Teneurin-3 specifies morphological and functional connectivity of retinal ganglion cells in the vertebrate visual system
- Authors
- Antinucci, P., Nikolaou, N., Meyer, M.P., and Hindges, R.
- ID
- ZDB-PUB-131202-11
- Date
- 2013
- Source
- Cell Reports 5(3): 582-592 (Journal)
- Registered Authors
- Hindges, Robert, Meyer, Martin, Nikolaou, Nikolas
- Keywords
- none
- MeSH Terms
-
- Animals
- Animals, Genetically Modified
- Gene Knockdown Techniques
- Microscopy, Confocal
- Nerve Tissue Proteins/biosynthesis
- Nerve Tissue Proteins/genetics
- Nerve Tissue Proteins/metabolism*
- Neurons/metabolism
- Neurons/physiology
- Retinal Ganglion Cells/metabolism
- Retinal Ganglion Cells/physiology*
- Visual Pathways/physiology*
- Zebrafish
- Zebrafish Proteins/biosynthesis
- Zebrafish Proteins/genetics
- Zebrafish Proteins/metabolism*
- PubMed
- 24183672 Full text @ Cell Rep.
A striking feature of the CNS is the precise wiring of its neuronal connections. During vertebrate visual system development, different subtypes of retinal ganglion cells (RGCs) form specific connections with their corresponding synaptic partners. However, the underlying molecular mechanisms remain to be fully elucidated. Here, we report that the cell-adhesive transmembrane protein Teneurin-3 (Tenm3) is required by zebrafish RGCs for acquisition of their correct morphological and functional connectivity in vivo.
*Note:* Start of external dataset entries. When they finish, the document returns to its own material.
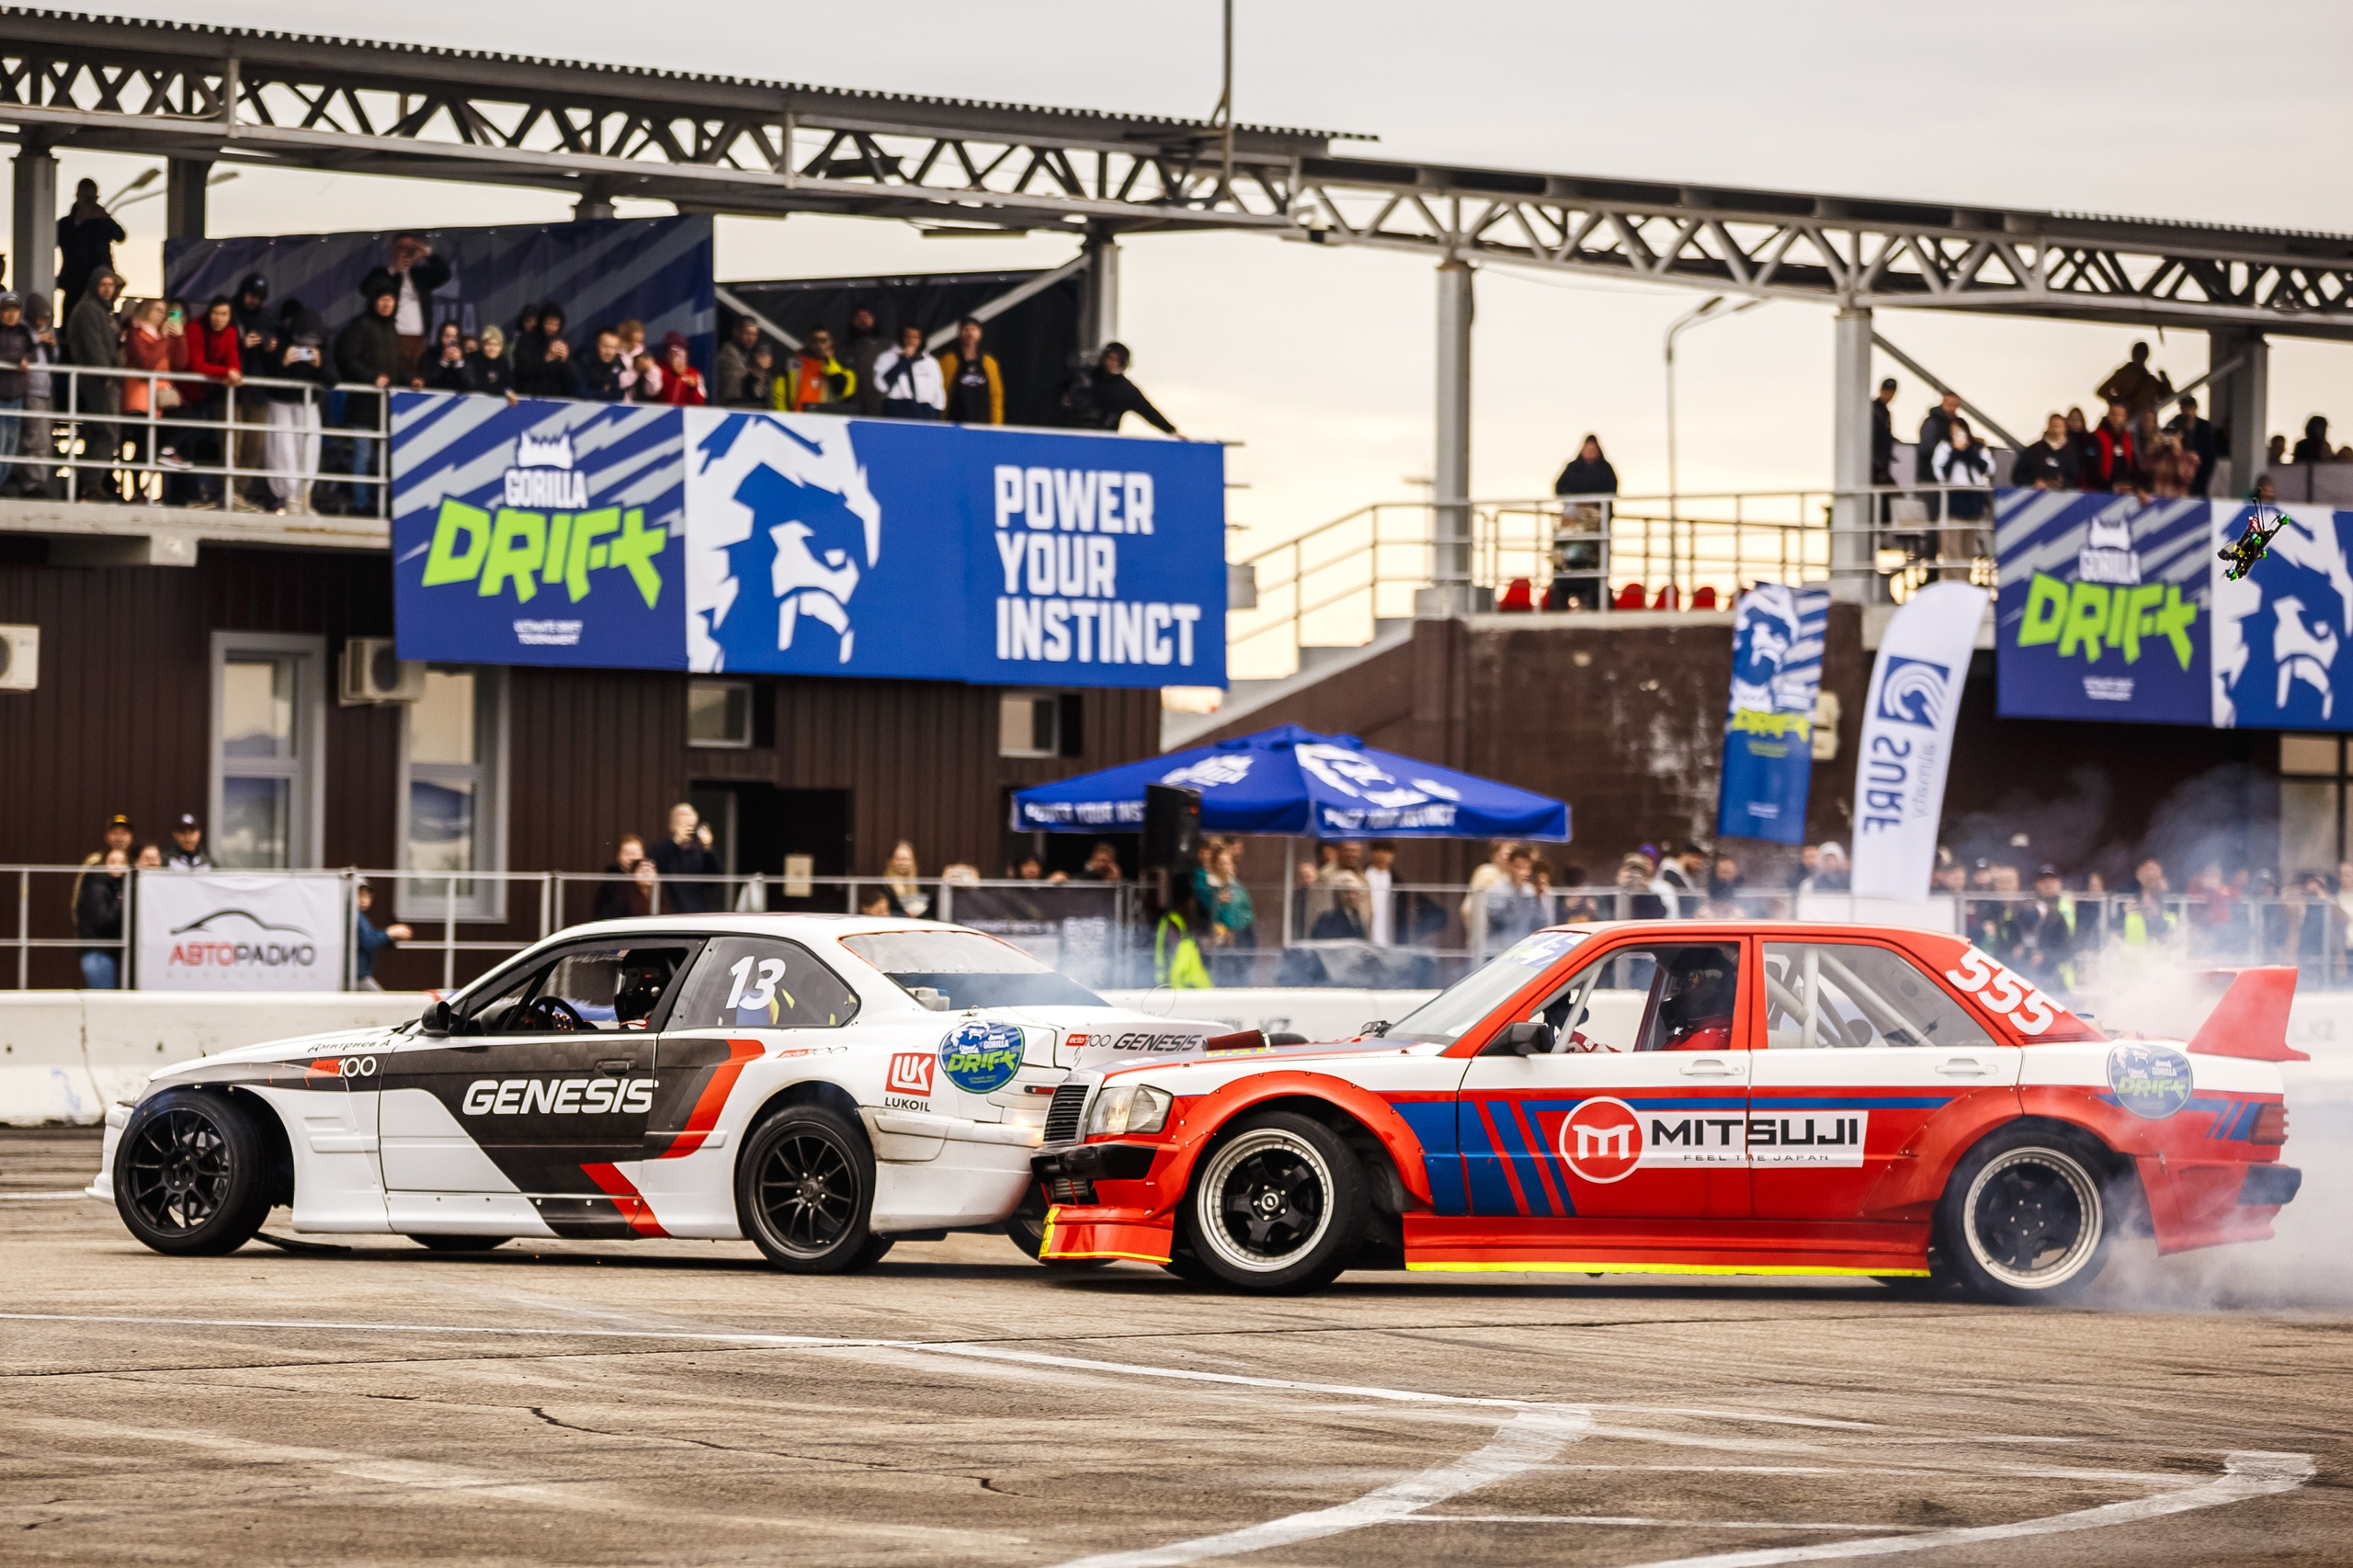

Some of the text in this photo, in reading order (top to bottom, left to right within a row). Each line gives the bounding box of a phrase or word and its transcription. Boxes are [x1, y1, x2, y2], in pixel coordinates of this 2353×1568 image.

[505, 469, 588, 509] GORILLA
[994, 464, 1154, 535] POWER
[421, 498, 666, 609] DRIFT
[994, 530, 1117, 598] YOUR
[995, 596, 1201, 666] INSTINCT
[2017, 571, 2198, 672] DRIFT
[168, 942, 317, 967] АВТОРАДИО
[725, 955, 787, 1011] 13
[1944, 945, 2067, 1036] 555
[307, 1041, 376, 1053] Дмитриев
[983, 1039, 1010, 1050] GORILLA
[1112, 1032, 1203, 1051] GENESIS
[946, 1050, 1017, 1074] DRIFT
[2151, 1065, 2177, 1077] GORILLA
[461, 1077, 660, 1116] GENESIS
[2116, 1076, 2187, 1102] DRIFT
[884, 1096, 931, 1113] LUKOIL
[1651, 1118, 1859, 1147] MITSUJI
[1683, 1153, 1829, 1162] FEEL THE JAPAN
Teneurin-3 is expressed by RGCs and their presynaptic amacrine and postsynaptic tectal cell targets. Knockdown of Teneurin-3 leads to RGC dendrite stratification defects within the inner plexiform layer, as well as mistargeting of dendritic processes into outer portions of the retina. Moreover, a subset of RGC axons exhibits tectal laminar arborization errors. Finally, functional analysis of RGCs targeting the tectum reveals a selective deficit in the development of orientation selectivity after Teneurin-3 knockdown. These results suggest that Teneurin-3 plays an instructive role in the functional wiring of the vertebrate visual system.